HOW TO COMPLETE THIS TASK - If a picture appears in the records, leave it out and transcribe the rest exactly.

DATA IN THIS EXERCISE -
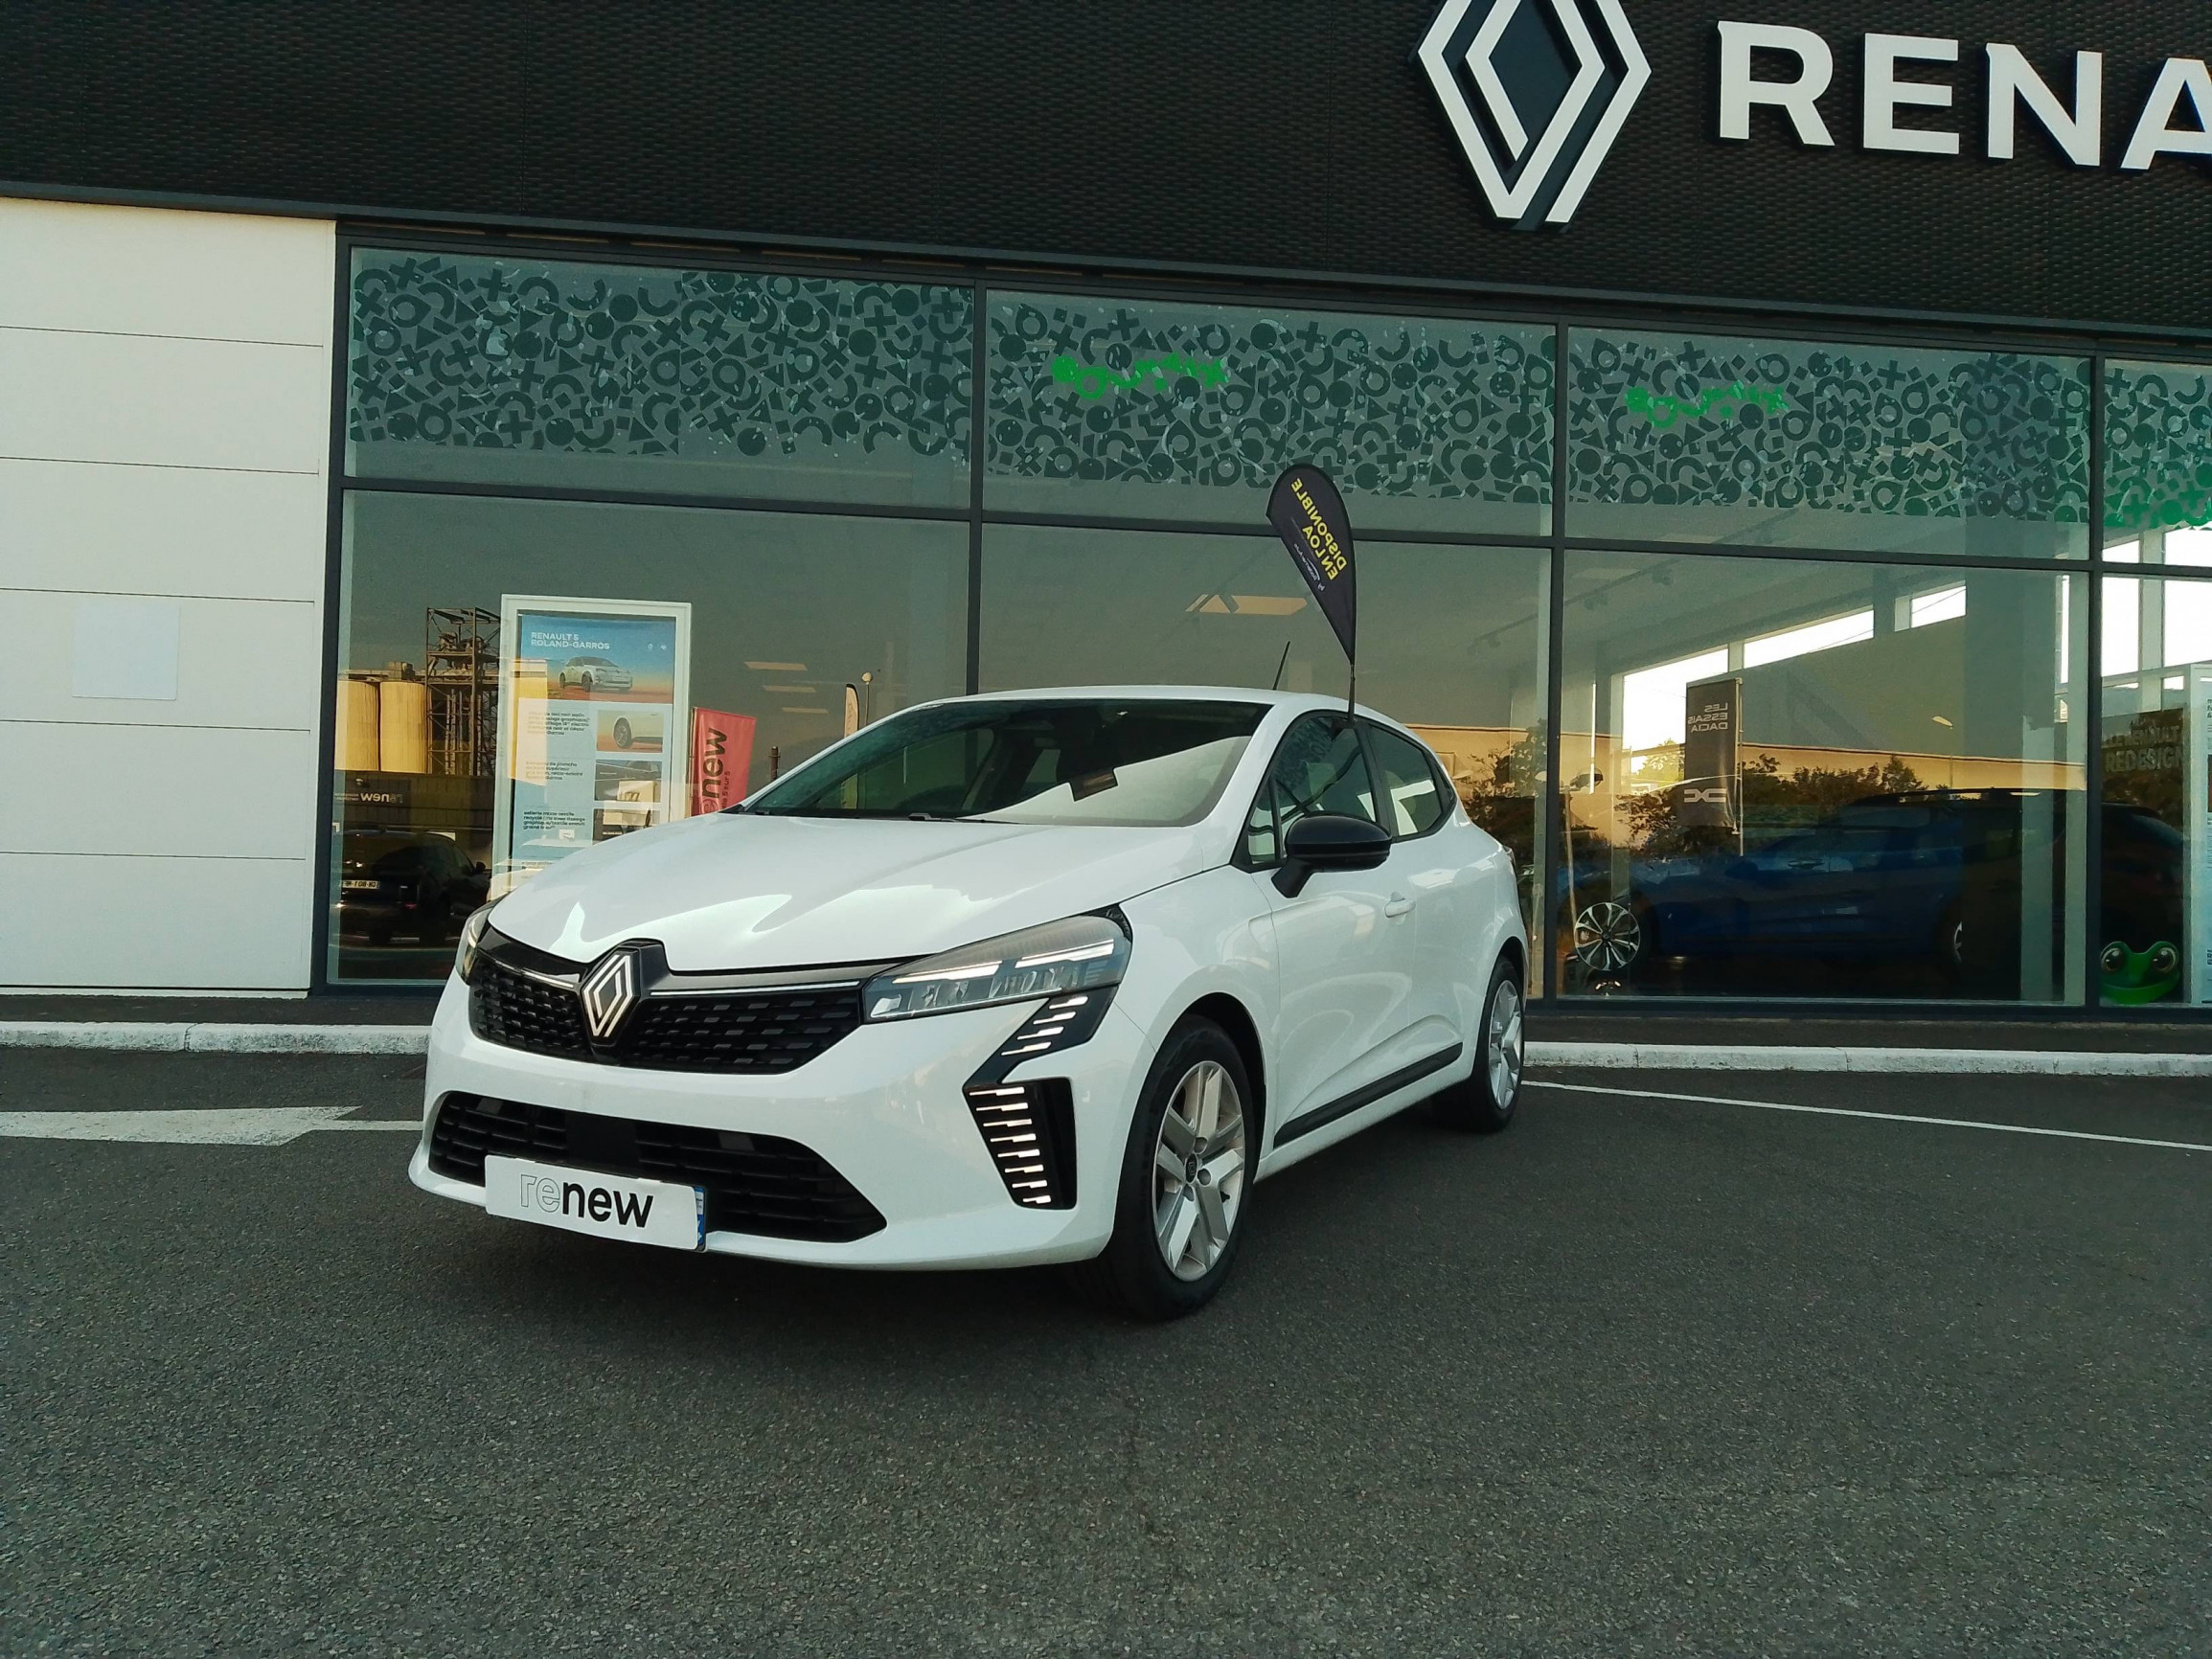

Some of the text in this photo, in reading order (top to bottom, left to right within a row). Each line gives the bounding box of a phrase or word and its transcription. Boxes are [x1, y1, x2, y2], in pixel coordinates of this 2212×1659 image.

[1718, 19, 2212, 170] RENA
[531, 631, 572, 641] RENAULT
[531, 639, 610, 649] ROLAND-GARROS
[702, 727, 728, 813] enew
[519, 1173, 654, 1229] renew
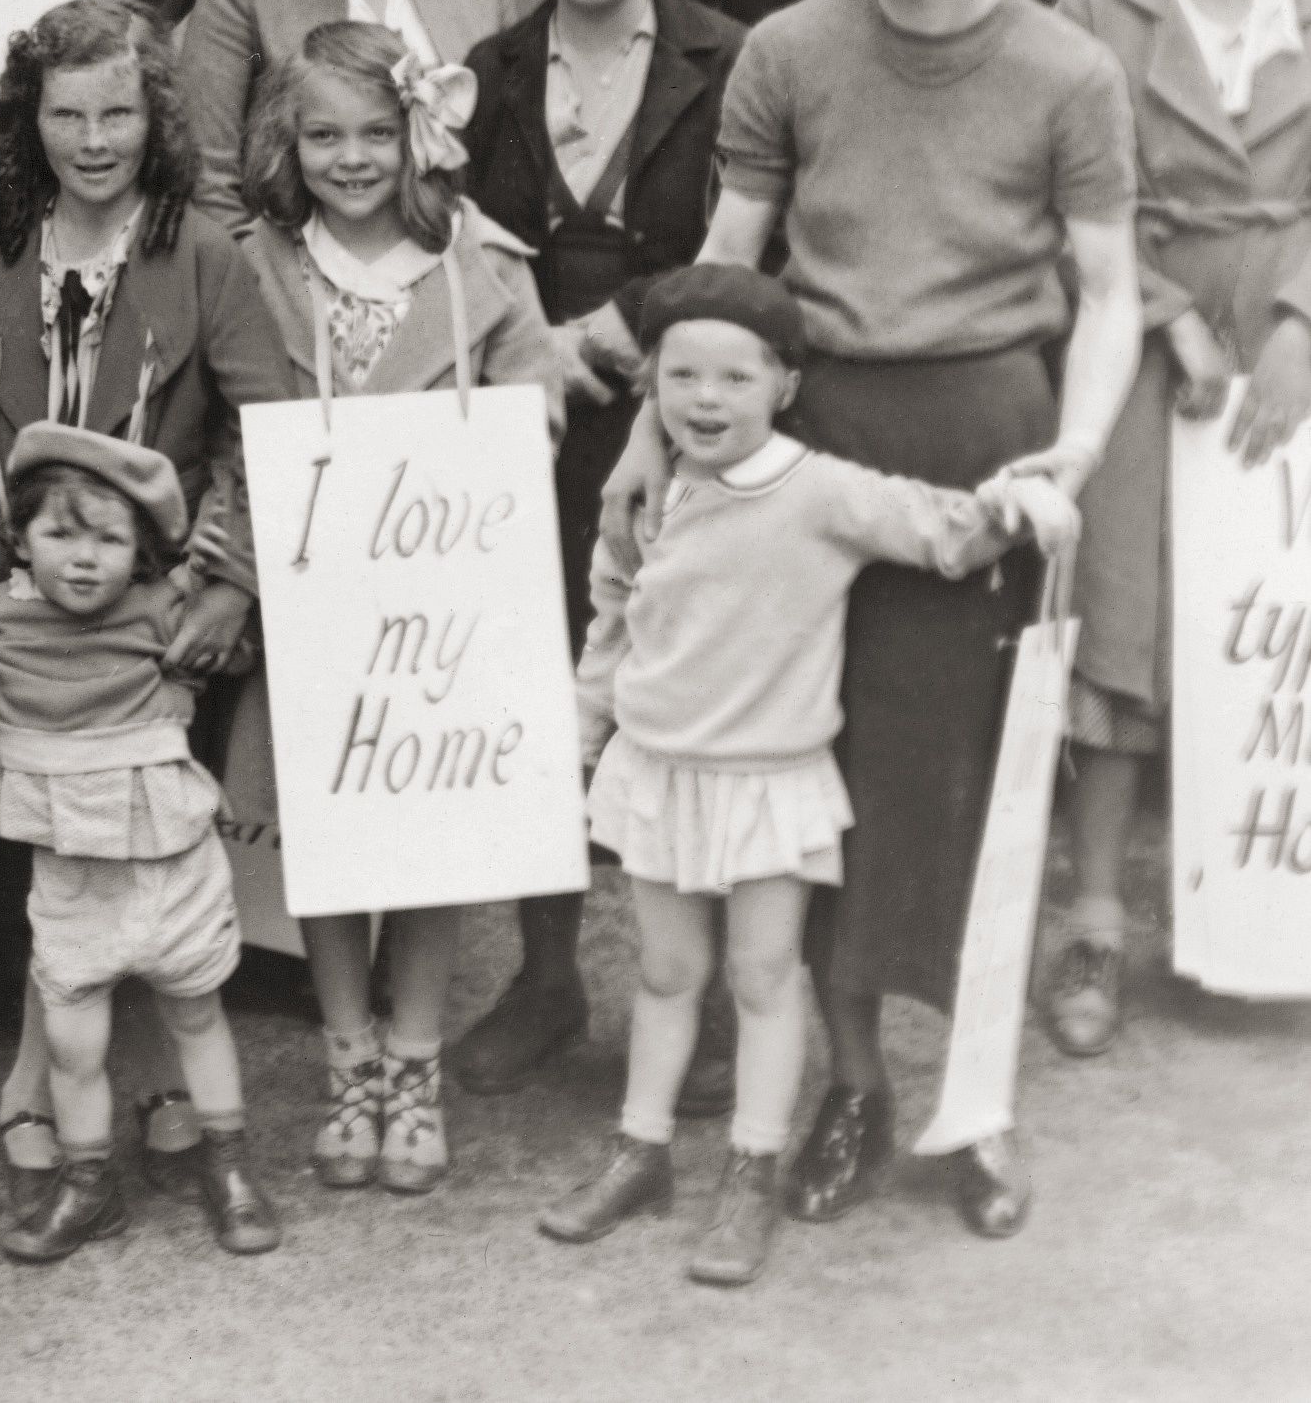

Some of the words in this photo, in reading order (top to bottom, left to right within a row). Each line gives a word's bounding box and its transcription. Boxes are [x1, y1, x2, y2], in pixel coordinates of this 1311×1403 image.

REPLY TO THE TASK -
Some of the text in this photo, in reading order (top to bottom, left to right within a row). Each line gives the bounding box of a phrase or word and its transcription. Boxes are [x1, y1, x2, y2], in pixel coordinates of this 2212×1659 image.

[1718, 19, 2212, 170] RENA
[531, 631, 572, 641] RENAULT
[531, 639, 610, 649] ROLAND-GARROS
[702, 727, 728, 813] enew
[519, 1173, 654, 1229] renew

Some of the words in this photo, in reading order (top to bottom, left to right within a row). Each line gives a word's bounding box and its transcription. Boxes are [x1, y1, x2, y2], in pixel coordinates of this 1311×1403 image.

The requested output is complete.